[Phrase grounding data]

BEGIN

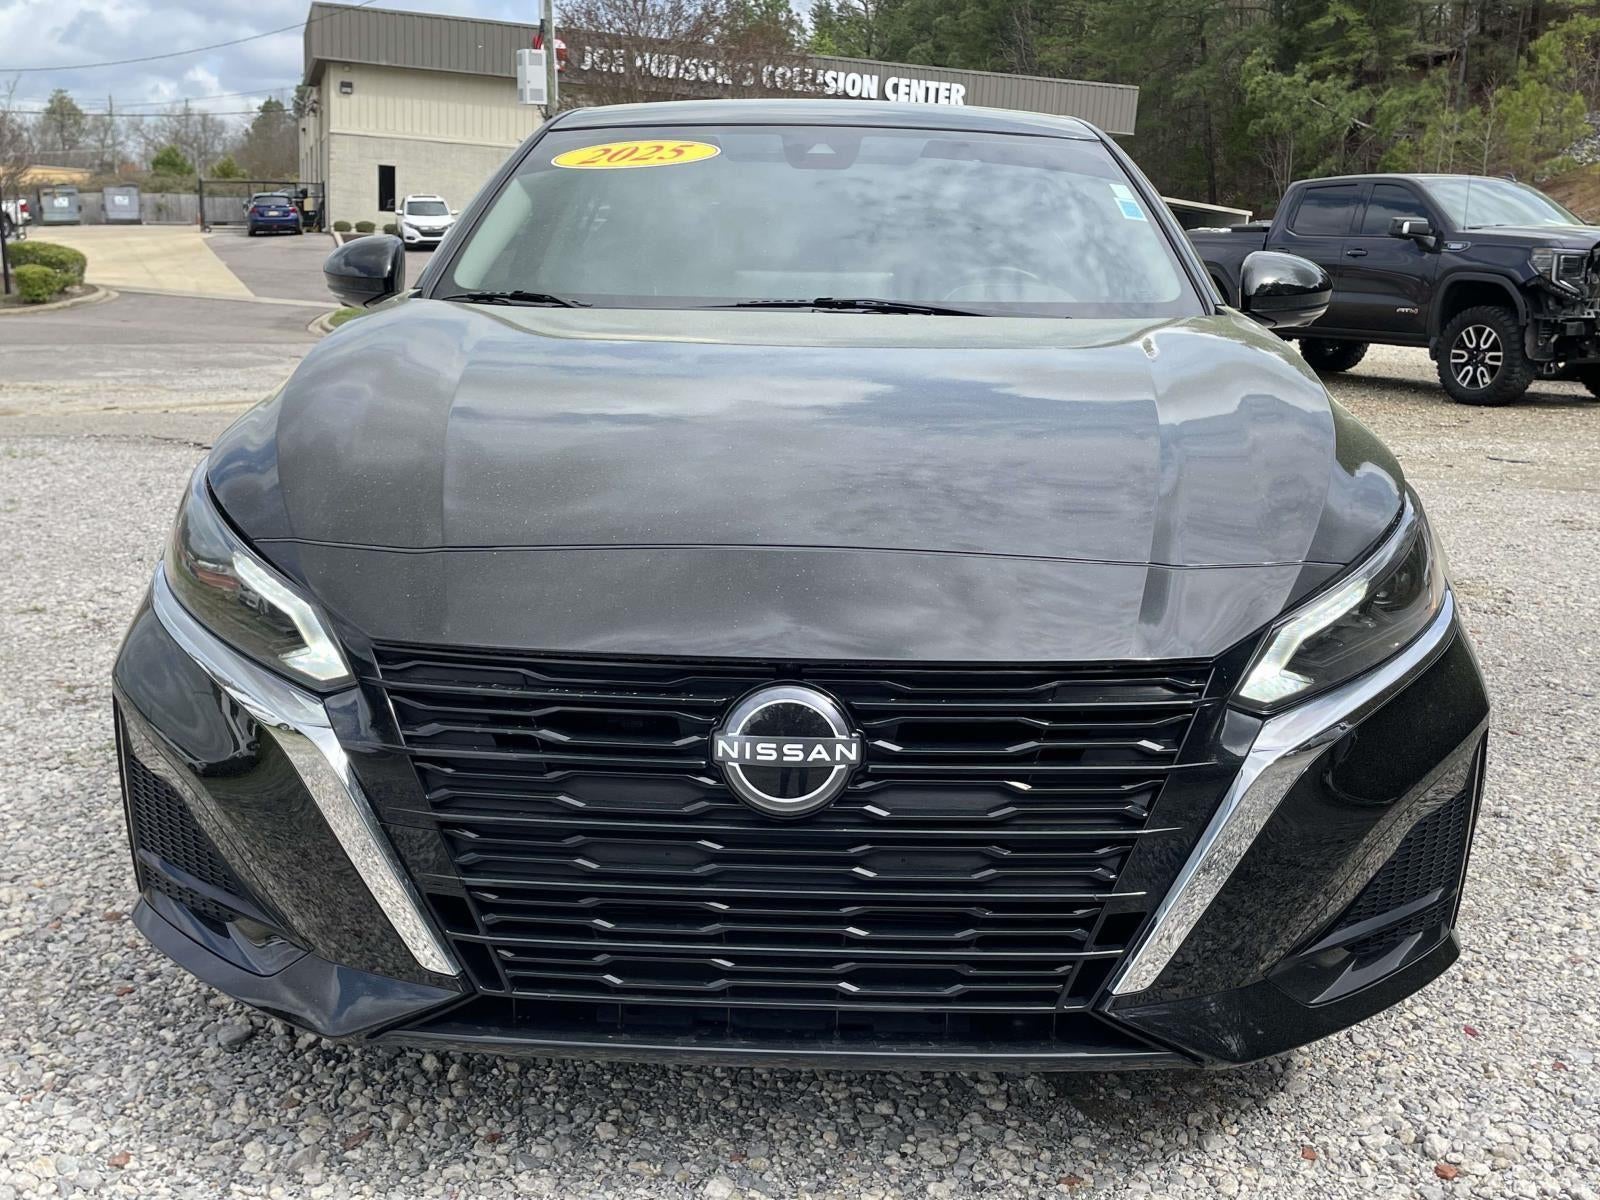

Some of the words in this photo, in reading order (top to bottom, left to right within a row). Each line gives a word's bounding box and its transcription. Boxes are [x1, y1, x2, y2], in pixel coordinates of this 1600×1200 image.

[884, 76, 966, 105] CENTER
[576, 144, 695, 165] 2025
[717, 740, 857, 762] NISSAN
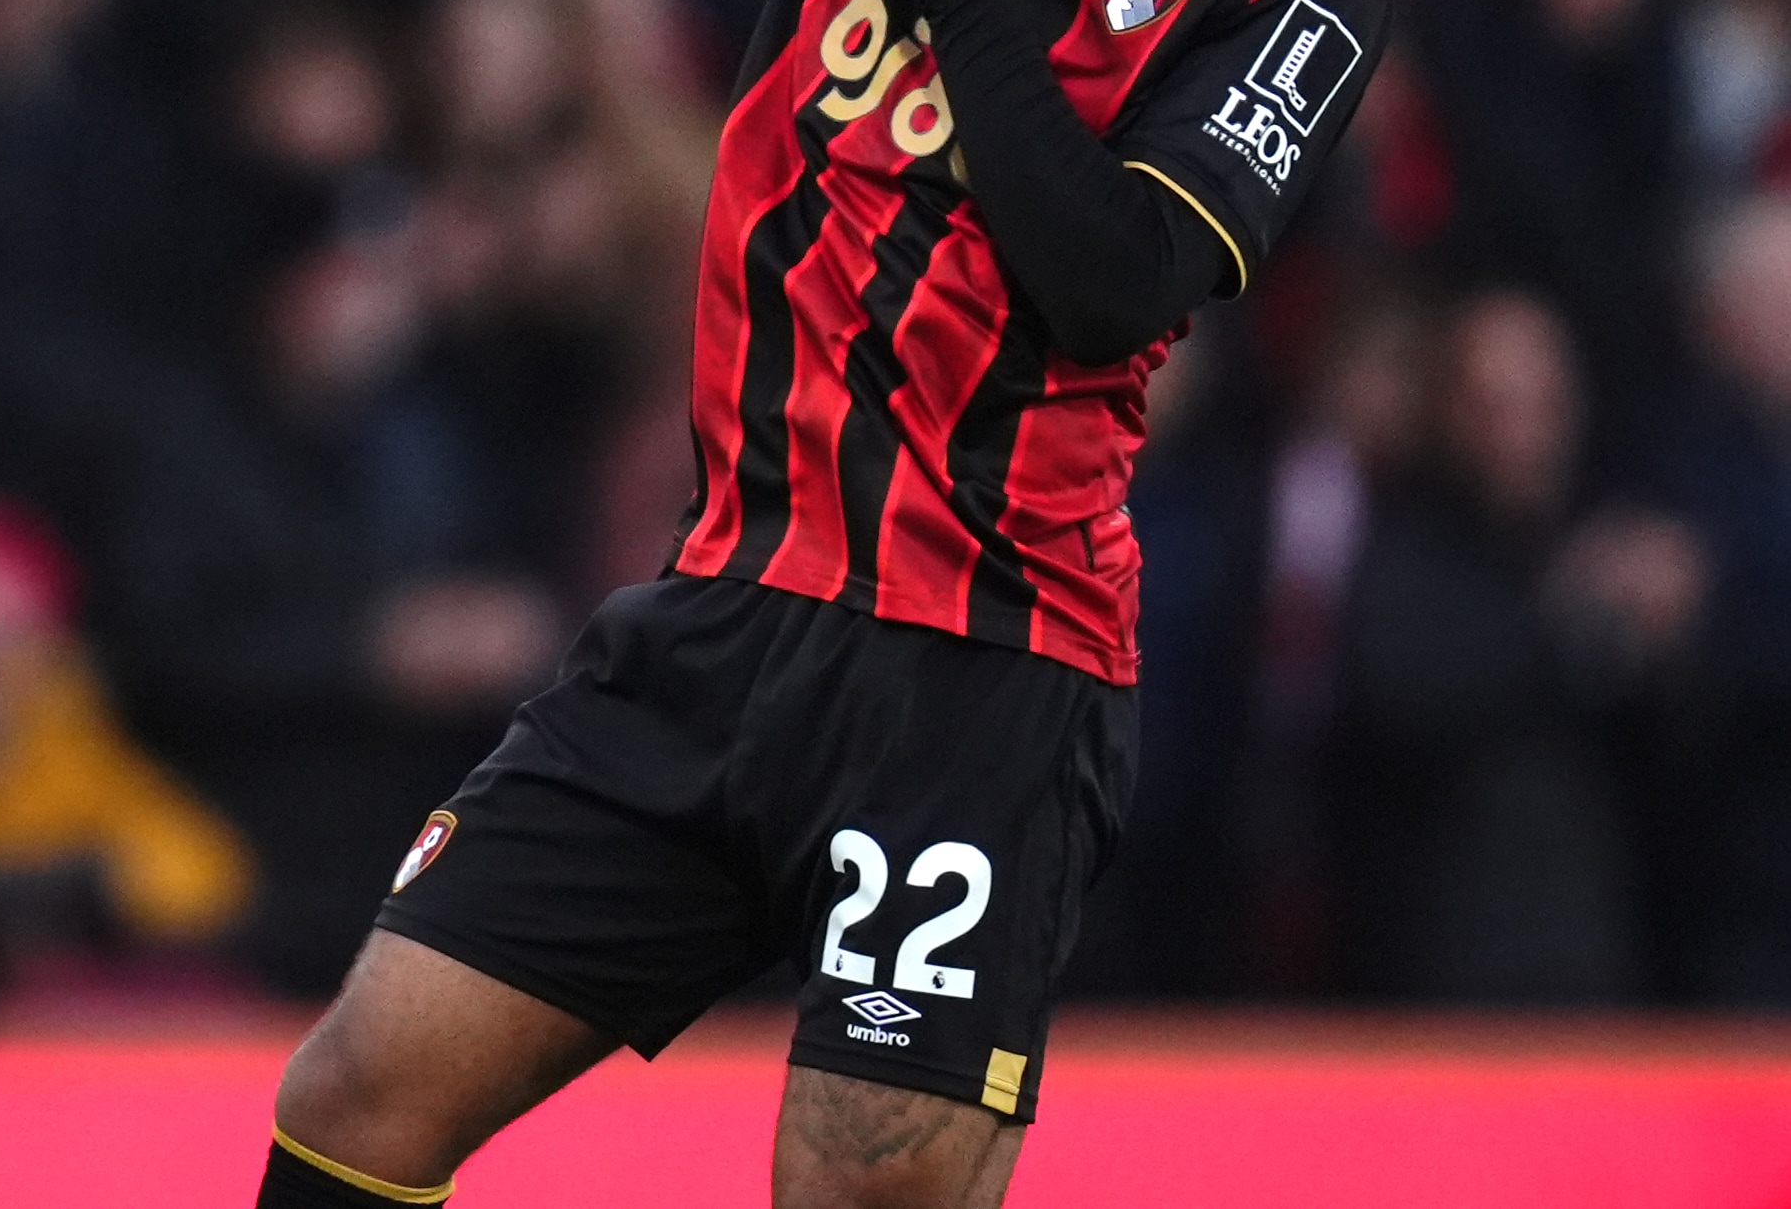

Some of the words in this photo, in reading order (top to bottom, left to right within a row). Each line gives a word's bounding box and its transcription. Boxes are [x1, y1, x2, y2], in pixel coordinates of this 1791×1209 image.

[1210, 86, 1301, 180] LEOS
[821, 829, 992, 999] 22
[846, 1022, 910, 1047] umbro

END

What is expected :: Once you find the line containing "this 1791×1209 image.", copy it and every line after it through the end of the records, exactly and nothing else.

Result for this exercise ::
Some of the words in this photo, in reading order (top to bottom, left to right within a row). Each line gives a word's bounding box and its transcription. Boxes are [x1, y1, x2, y2], in pixel coordinates of this 1791×1209 image.

[1210, 86, 1301, 180] LEOS
[821, 829, 992, 999] 22
[846, 1022, 910, 1047] umbro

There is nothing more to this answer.